> [Collected data]
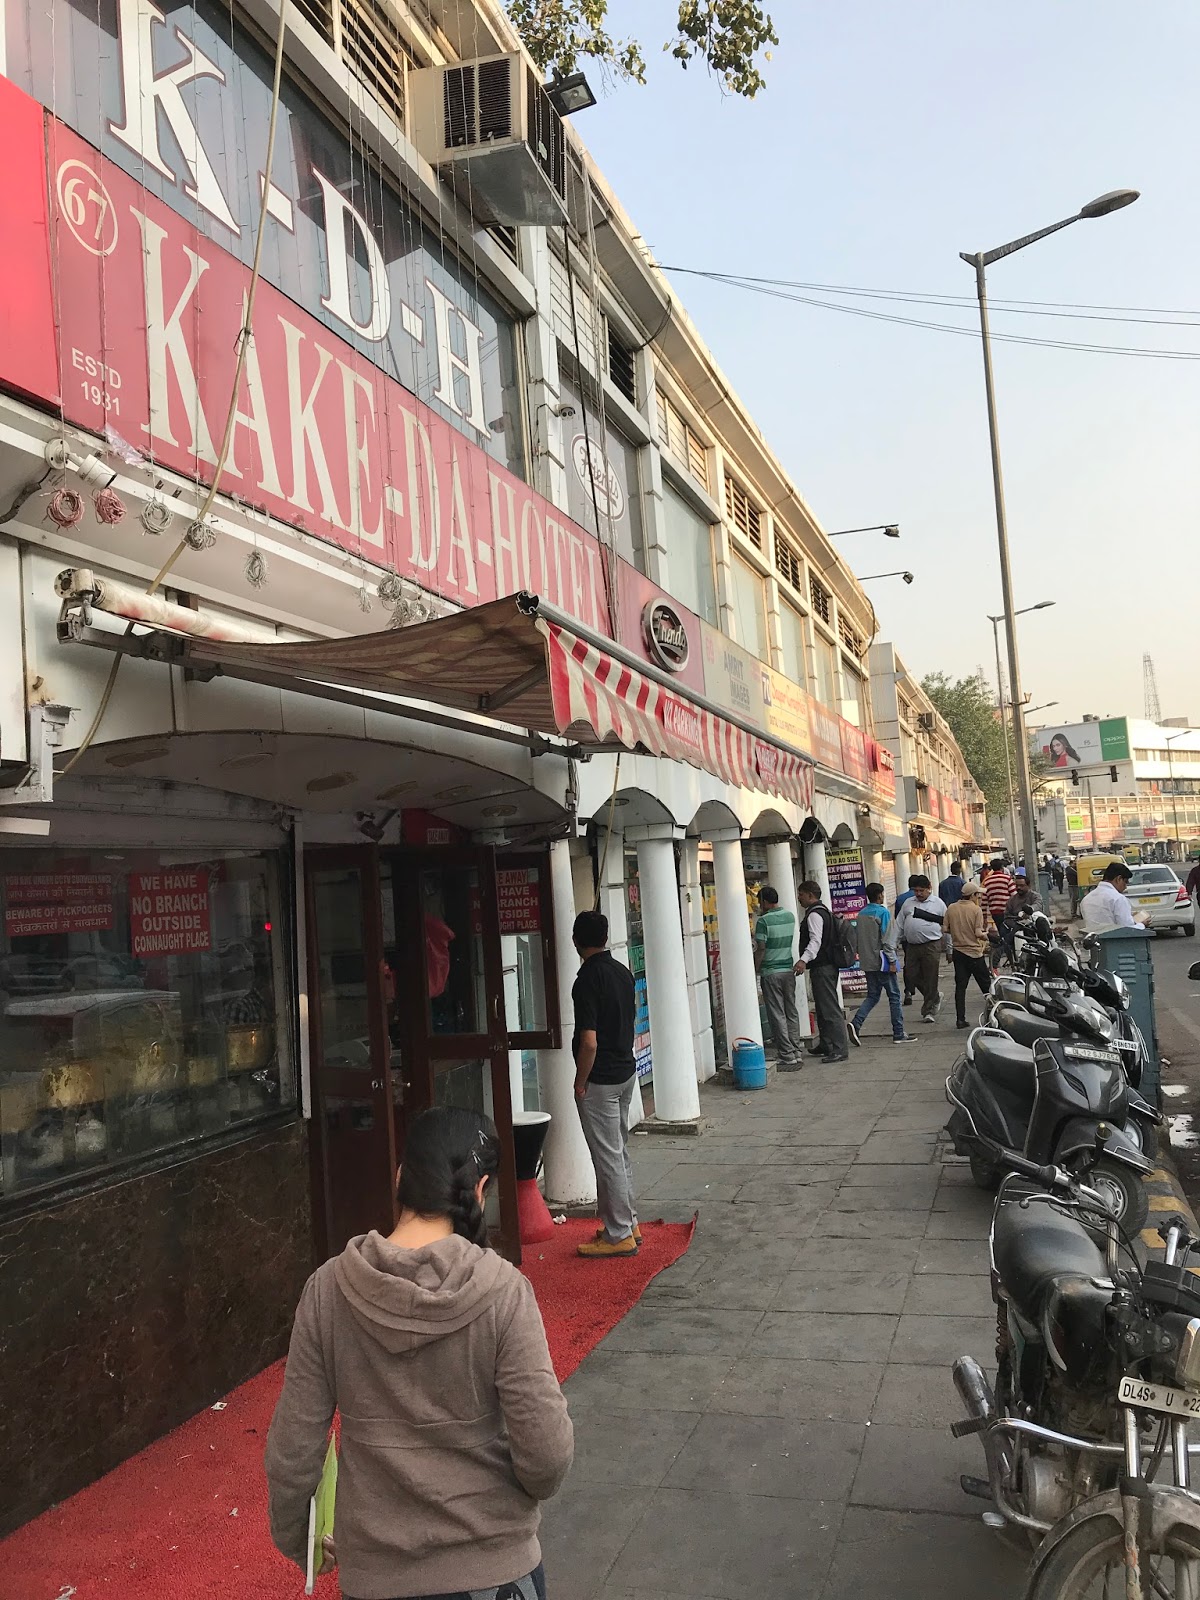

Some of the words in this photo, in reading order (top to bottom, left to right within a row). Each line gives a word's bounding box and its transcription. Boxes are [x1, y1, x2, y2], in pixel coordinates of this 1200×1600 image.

[64, 174, 109, 242] 67
[71, 347, 122, 391] ESTD
[80, 379, 121, 417] 1931
[836, 864, 861, 872] PRINTING
[841, 872, 862, 880] PRINTING
[140, 876, 161, 891] WE
[164, 874, 197, 890] HAVE
[505, 871, 527, 884] AWAY
[500, 886, 530, 896] HAVE
[132, 896, 152, 915] NO
[155, 892, 207, 914] BRANCH
[498, 896, 539, 908] RANCH
[5, 908, 42, 920] BEWARE
[44, 908, 55, 917] OF
[57, 904, 113, 916] PICKPOCKETS
[499, 908, 530, 918] TSIDE
[61, 919, 70, 929] से
[74, 917, 108, 928] सावधान
[142, 915, 201, 932] OUTSIDE
[516, 920, 538, 930] PLACE
[134, 932, 184, 953] CONNAUGHT
[186, 930, 209, 948] PLACE
[1123, 1383, 1150, 1401] DL4S
[1166, 1392, 1174, 1406] U

> [Task description] The records above must all be output exactly. Omit the images.

> [Exercise response]
Some of the words in this photo, in reading order (top to bottom, left to right within a row). Each line gives a word's bounding box and its transcription. Boxes are [x1, y1, x2, y2], in pixel coordinates of this 1200×1600 image.

[64, 174, 109, 242] 67
[71, 347, 122, 391] ESTD
[80, 379, 121, 417] 1931
[836, 864, 861, 872] PRINTING
[841, 872, 862, 880] PRINTING
[140, 876, 161, 891] WE
[164, 874, 197, 890] HAVE
[505, 871, 527, 884] AWAY
[500, 886, 530, 896] HAVE
[132, 896, 152, 915] NO
[155, 892, 207, 914] BRANCH
[498, 896, 539, 908] RANCH
[5, 908, 42, 920] BEWARE
[44, 908, 55, 917] OF
[57, 904, 113, 916] PICKPOCKETS
[499, 908, 530, 918] TSIDE
[61, 919, 70, 929] से
[74, 917, 108, 928] सावधान
[142, 915, 201, 932] OUTSIDE
[516, 920, 538, 930] PLACE
[134, 932, 184, 953] CONNAUGHT
[186, 930, 209, 948] PLACE
[1123, 1383, 1150, 1401] DL4S
[1166, 1392, 1174, 1406] U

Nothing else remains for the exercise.